見終わってみれば、番組全体は本当にあたりまえのボーイ・ミーツ・ガール。灰色の世界に居心地を感じていた主人公が、薔薇色を纏ったヒロインと出会い、彼女に引っ張られるままに薔薇色の世界に感化されていく。
灰色の世界から主人公が俯瞰する青春の眩しさと、薔薇色の世界からヒロインが覗くこととなる決して輝いているばかりでない青春の切なさ。

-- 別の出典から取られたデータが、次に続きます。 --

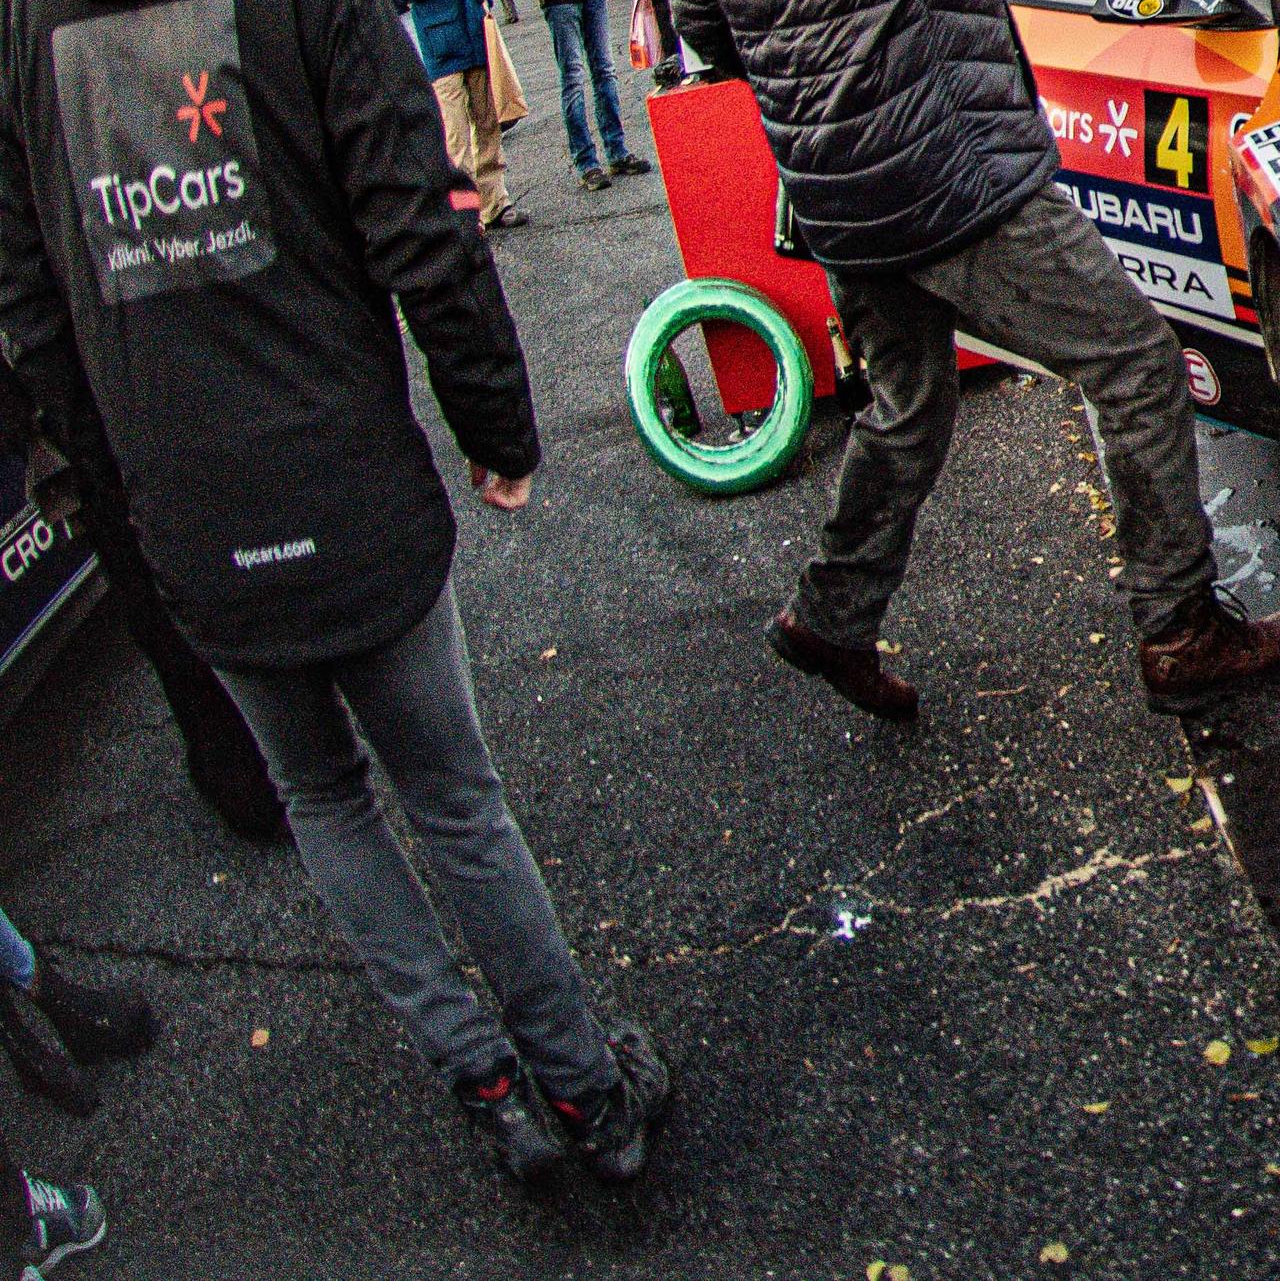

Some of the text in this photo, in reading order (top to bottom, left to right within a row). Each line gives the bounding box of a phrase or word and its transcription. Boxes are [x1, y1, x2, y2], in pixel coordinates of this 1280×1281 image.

[1038, 94, 1094, 144] ars
[1155, 97, 1194, 189] 4
[89, 159, 245, 231] TipCars

改めて、角川と京アニがこの原作のアニメ化に動いたのは、切なさ募る青春ミステリーという側面より、主人公とヒロインの物語にあったのだなと思います。

原作のストック的に二期展開などは望めそうにはないのでしょうが、劇中、春に始まり春に終わる、四季折々の風景の様と共に綺麗に終えられた作品だったのではないかと。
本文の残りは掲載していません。